Whole episode dubbed in French (except the songs):
Episode 7: The Pop Singer
First shown: 17 October 1970 (US), 4 February 1971 (UK)
Director: Harry Booth
Writers: Harry Booth and Glyn Jones
Appearing apart from the Double Deckers:
Melvyn Hayes as Albert the Street Cleaner
Anthony May as Sidney, The Cool Cavalier
Ivor Salter as the Policeman
Plot
The gang find a man sleeping in their bus. He turns out to be an unsuccessful musician, a singer of protest songs; they rebrand him as "The Cool Cavalier" and hold a successful concert, ending only when Brains' musical machine explodes. But he decides that the musical life is not for him after all.
Soundtrack
"Life Is A Wonderful Thing", by Ivor Slaney and Glyn Jones. For me this is a rare musical mis-step by the show. The song is set too high for the kids to sing comfortably, and the political message is conservative – this is the point in the story where the gang persuade Sydney not to bother with protest songs. It's another example of the gang being Billie and her backing singers, but there is nothing wrong with that. Judge for yourself:
"Following You" (instrumental), by Ted Atking and his orchestra
This isn't listed in the end credits, nor wasa it included on the album of music from the show, but it's an amazing piece of orchestral groove. (You could probably date the episode to the month of 1970 in which it was filmed by the clothes of the dancers.) Full version on YouTube here.
"I Gotta Get Through", by Ivor Slaney and Michael Begg
I'm not well enough acquainted with 1970 crooning hits to know which other great works of pop culture this is paying homage to, but it's performed with sufficient confidence that it must be firmly rooted in the Zeitgeist.
Glorious moments
The efforts of the gang to rebrand the unfortunate Sydney are a great bit of youthful cooperation and ingenuity.
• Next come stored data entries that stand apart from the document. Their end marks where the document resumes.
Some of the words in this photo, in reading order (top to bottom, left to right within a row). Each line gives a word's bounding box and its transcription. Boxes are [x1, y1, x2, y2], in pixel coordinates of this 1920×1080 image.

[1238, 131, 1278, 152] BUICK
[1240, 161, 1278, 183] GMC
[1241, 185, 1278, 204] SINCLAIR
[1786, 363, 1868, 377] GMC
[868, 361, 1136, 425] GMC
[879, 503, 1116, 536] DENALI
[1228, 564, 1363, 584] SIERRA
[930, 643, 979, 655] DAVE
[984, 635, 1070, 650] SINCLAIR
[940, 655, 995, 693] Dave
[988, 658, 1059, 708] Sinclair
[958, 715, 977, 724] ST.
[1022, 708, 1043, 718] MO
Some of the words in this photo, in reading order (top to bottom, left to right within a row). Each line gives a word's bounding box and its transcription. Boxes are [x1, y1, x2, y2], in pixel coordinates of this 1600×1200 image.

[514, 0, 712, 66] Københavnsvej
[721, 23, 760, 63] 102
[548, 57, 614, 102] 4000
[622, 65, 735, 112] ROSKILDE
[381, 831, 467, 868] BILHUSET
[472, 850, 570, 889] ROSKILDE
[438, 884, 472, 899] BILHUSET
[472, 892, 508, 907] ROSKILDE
The disco scene, a little beyond the ken of the episode's target audience, is rather well done for what it is. The ending, with Sydney deciding to give it all up and go home, is probably the saddest of any episode, but manages not to jar the overall feel of the series.
Less glorious moments
I don't think you could get away with a homeless man turning up in a children's den with such benign plot consequences today…
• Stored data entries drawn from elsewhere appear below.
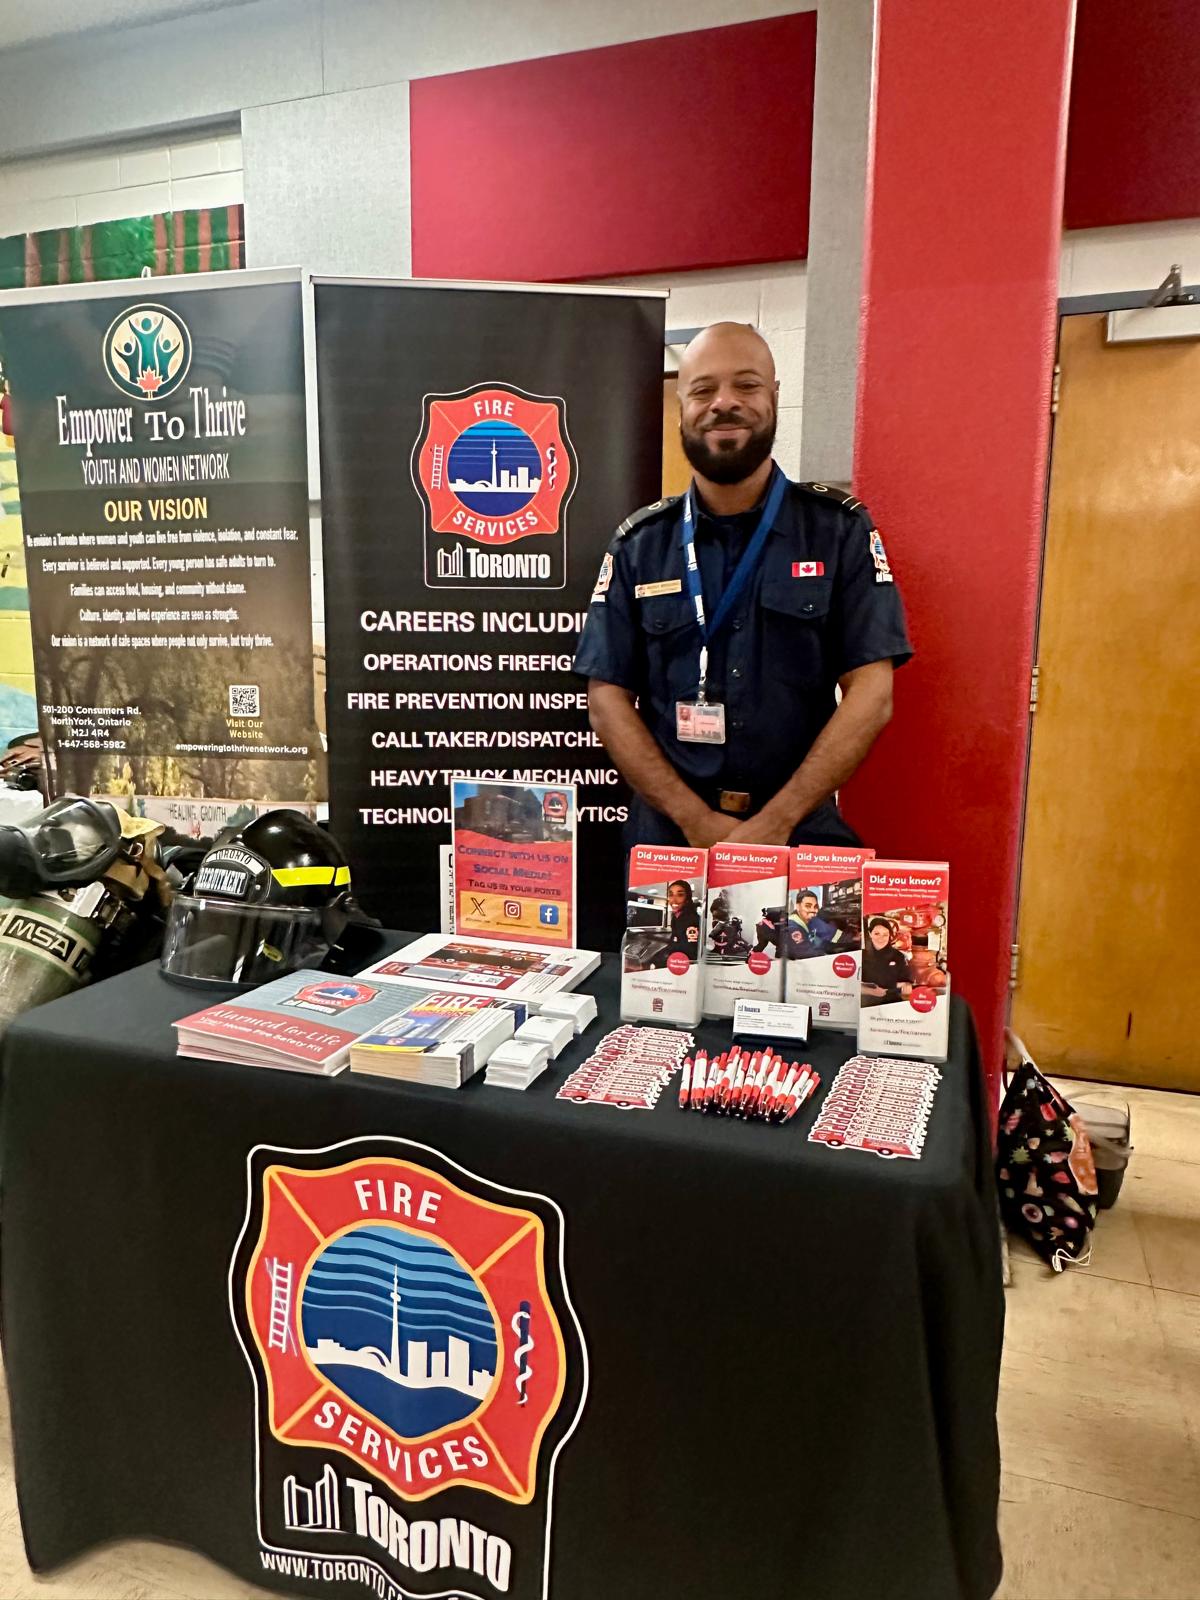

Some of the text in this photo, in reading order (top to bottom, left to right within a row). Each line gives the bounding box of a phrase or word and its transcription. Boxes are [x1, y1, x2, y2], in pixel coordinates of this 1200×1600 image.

[474, 399, 515, 418] FIRE
[56, 386, 246, 457] Empower To Thrive
[81, 453, 230, 485] YOUTH AND WOMEN NETWORK
[104, 497, 208, 523] OUR VISION
[453, 510, 539, 537] SERVICES
[117, 531, 128, 545] and
[129, 531, 144, 547] youth
[145, 534, 156, 545] can
[244, 526, 255, 541] and
[256, 528, 282, 541] constant
[283, 526, 299, 541] fear.
[42, 558, 57, 574] Every
[110, 557, 122, 570] and
[152, 557, 168, 572] Every
[168, 559, 185, 572] young
[205, 555, 215, 568] has
[254, 556, 267, 567] turn
[268, 555, 276, 567] to.
[466, 548, 550, 579] TORONTO
[70, 583, 94, 596] Families
[94, 586, 105, 596] can
[106, 586, 125, 596] access
[126, 608, 136, 621] and
[181, 611, 190, 620] are
[191, 611, 204, 621] seen
[204, 610, 212, 620] as
[360, 611, 475, 632] CAREERS
[51, 634, 60, 647] Our
[111, 634, 118, 646] of
[230, 633, 240, 646] but
[363, 654, 492, 671] OPERATIONS
[42, 704, 142, 715] 501-200 Consumers Rd.
[347, 693, 588, 710] FIRE PREVENTION INSPE
[52, 717, 132, 727] North York, Ontario
[226, 719, 264, 728] Visit Our
[91, 729, 110, 737] 4R4
[229, 730, 264, 739] Website
[371, 732, 603, 748] CALL TAKER/DISPATCHE
[58, 740, 126, 749] 1-647-568-5982
[176, 743, 308, 755] empoweringtothrivenetwork.org
[370, 770, 438, 786] HEAVY
[513, 769, 619, 785] MECHANIC
[359, 806, 629, 825] TECHNOL YTICS
[552, 855, 569, 863] ON
[638, 851, 699, 864] Did you know?
[716, 852, 778, 864] Did you know?
[796, 852, 812, 860] Did
[832, 853, 862, 862] know?
[474, 863, 510, 877] SOCIAL
[468, 879, 486, 889] TAG
[870, 875, 942, 886] Did you know?
[8, 918, 70, 958] MSA
[420, 995, 490, 1010] FIRE
[207, 1010, 341, 1046] Alarmed for Life
[272, 1034, 307, 1047] Safety
[306, 1043, 323, 1053] Kit
[354, 1178, 442, 1225] FIRE
[313, 1400, 490, 1483] SERVICES
[347, 1477, 513, 1593] TORONTO
[260, 1551, 404, 1600] WWW.TORONTO.C
My radical heart is saddened by the notion that there is no place for protest songs in a well-ordered world.
It seems implausible that the police would a) take an interest in the gang's disco in the first place, and then b) let it go ahead if they were concerned.
What's all this then?
This is the first real attempt to get to grips with contemporary culture, apart from the hovercraft in Tiger Takes Off. The visual references are obviously Top of the Pops on the one hand, and the Three Musketeers (and perhaps the Royalists of the English Civil War) on the other. But at the same time, the message of the episode is to neutralise the threat of pop culture and demonstrate (to anxious parents?) the virtues of a retreat to traditional values.
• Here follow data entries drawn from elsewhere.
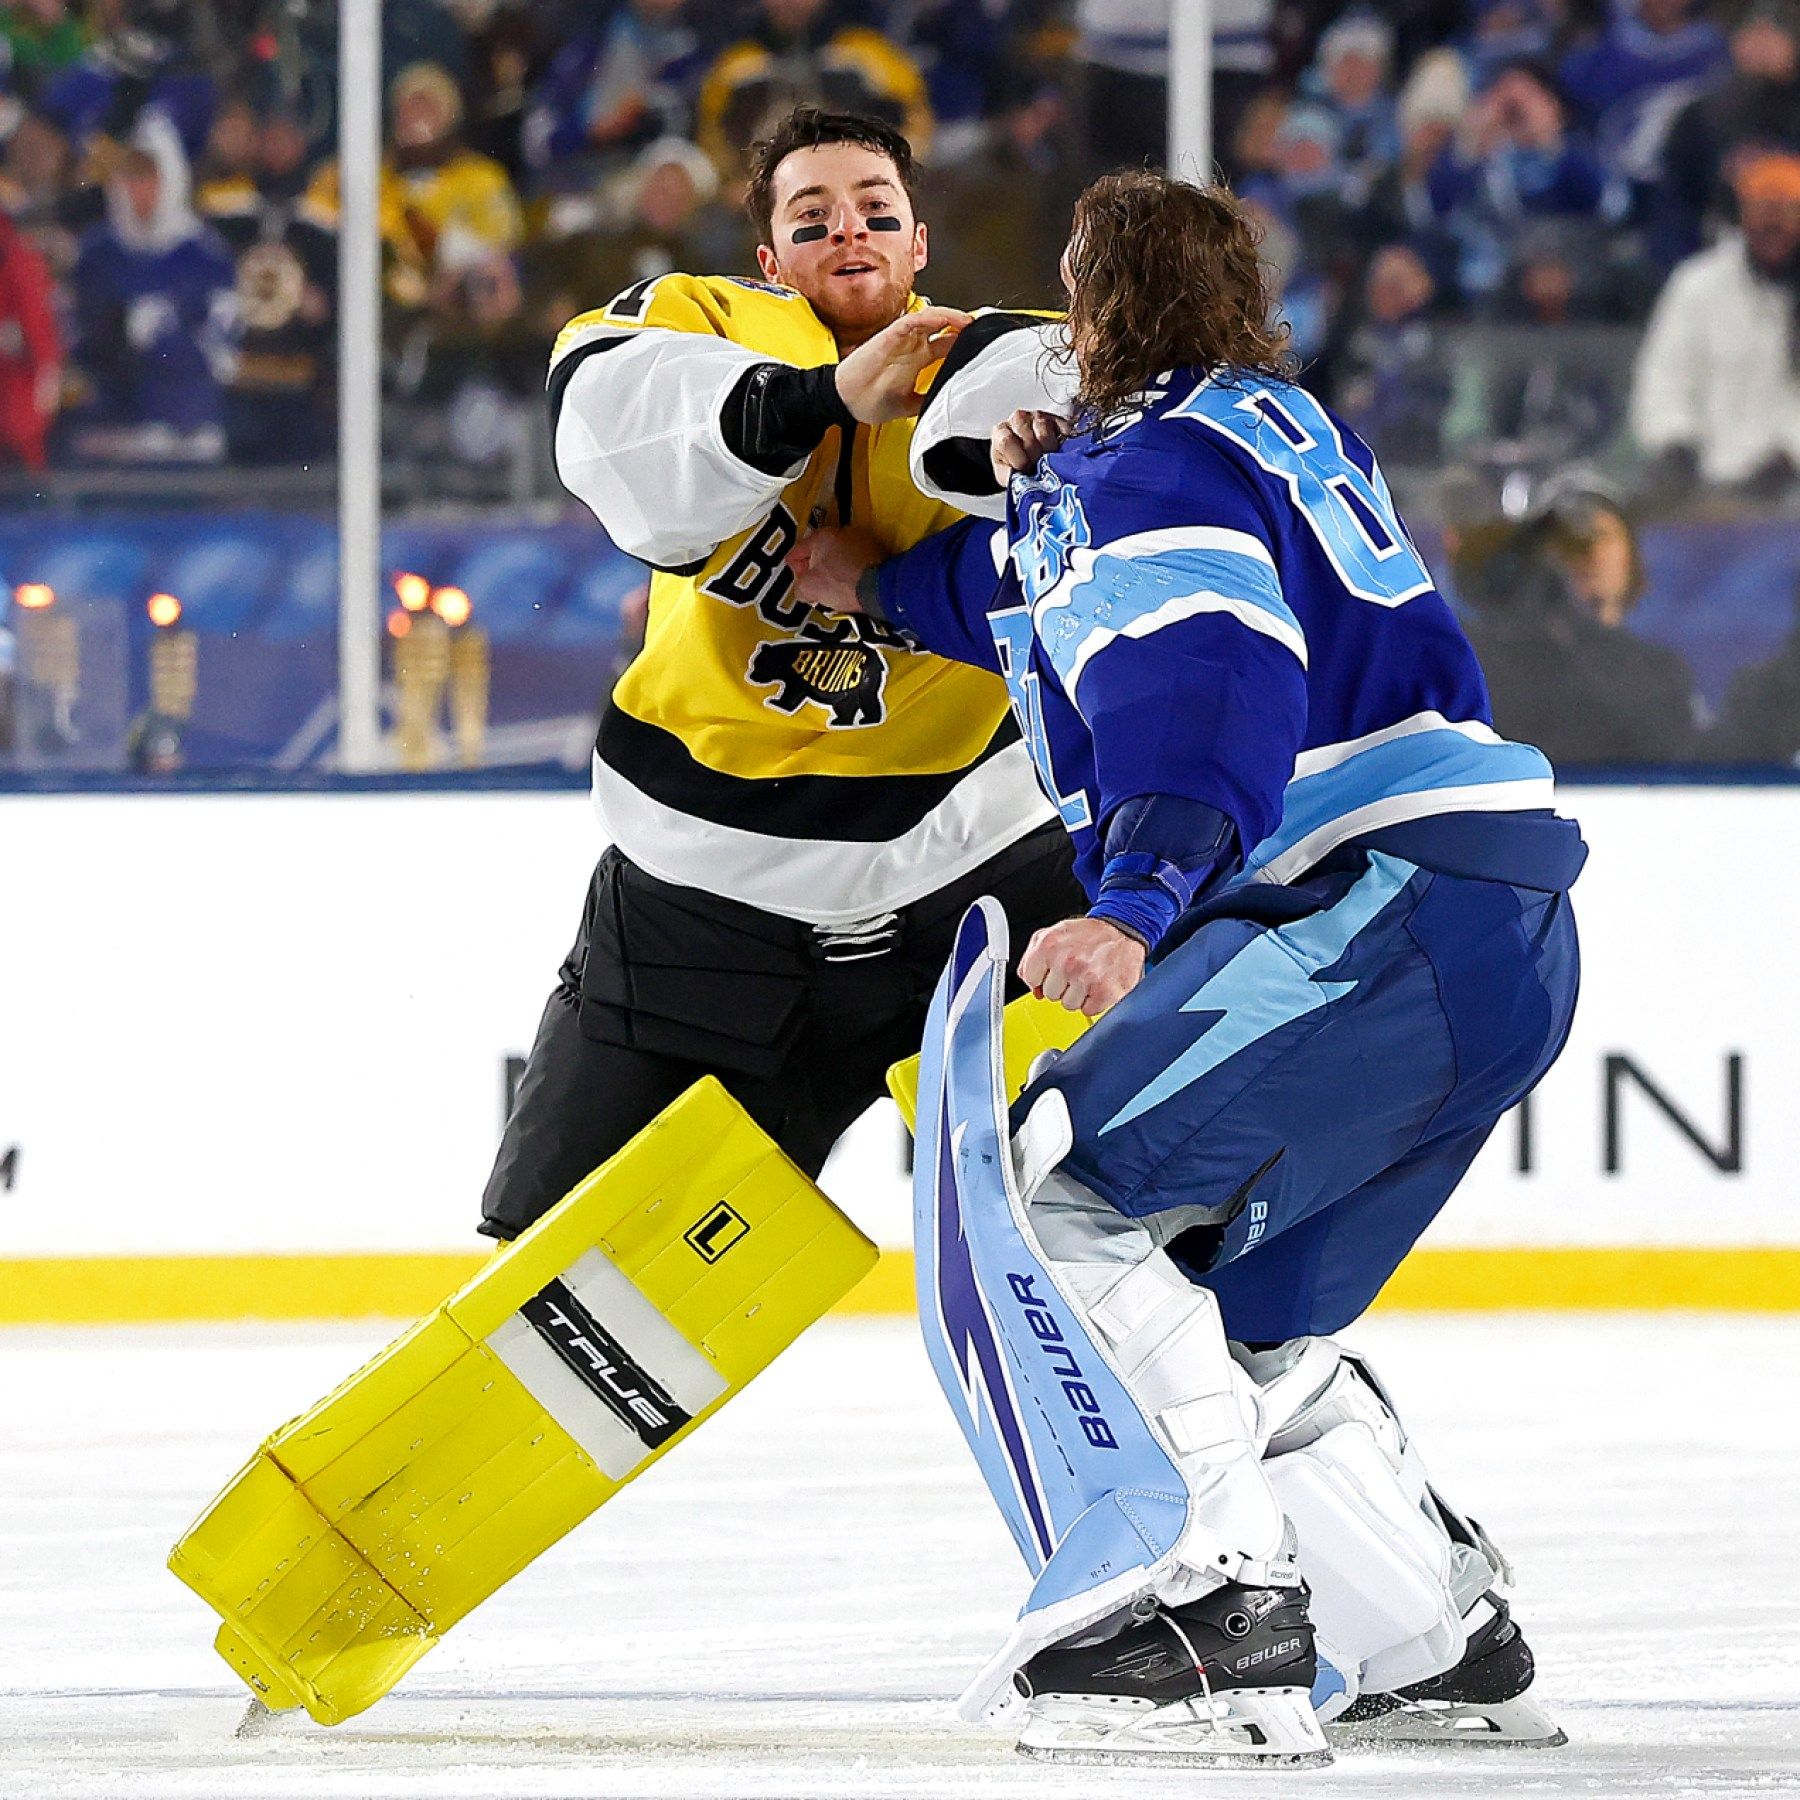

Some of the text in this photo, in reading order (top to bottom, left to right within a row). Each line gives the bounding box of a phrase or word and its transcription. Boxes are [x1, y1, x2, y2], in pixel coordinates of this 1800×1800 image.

[1159, 364, 1436, 609] 8
[792, 649, 867, 693] BRUINS
[693, 1209, 734, 1257] L
[545, 1301, 670, 1429] TRUE
[1005, 1272, 1120, 1451] BAUER
[1236, 1638, 1302, 1670] BAUER
There was a 1970 biopic of Oliver Cromwell, starring Richard Harris and Alec Guinness, but it came out in August which would have been after this episode was made. Cromwell's son Richard was played by none other than Anthony May, the Cool Cavalier. So he changed sides at some point in 1970.
Where's that?
All in the studio this time, apart from Albert handing out leaflets in Shenley Road, Borehamwood.
Who's that?
Anthony May (Sydney, the Cool Cavalier) was born in 1946; his biggest hit was a couple of years before Double Deckers as the unnamed male lead in cult short film Les Bicyclettes de Belsize. He hasa long string of TV, film and theatre credits, including the voice of the King of the Dead in Peter Jackson's The Lord of the Rings: The Return of the King and had a bit part in Angelina Jolie's Maleficent in 2014. Apart from this episode of Double Deckers, he doesn't seem to have done much singing.
Ivor Salter (the policeman) was born in 1925, and had a string of minor parts, possibly peaking as a farmer in Crossroads in the late 1970s. He was in Doctor Who three times, first as the Morok Commander in Glyn Jones' story The Space Museum (1965), then as Odysseus in The Myth Makers (also 1965) and finally as another policeman, Sergeant Markham, in Black Orchid (1982). He died in 1991.
Peter Miller wrote two other episodes of Here Come the Double Deckers, Robbie the Robot and The Go-Karters, which are two of the best of the lot; he wrote various other comedy and thriller episodes for TV, but nothing since 1986. His peak was possibly a six-part early evening sit-com called The Square Leopard in 1980, which is panned here.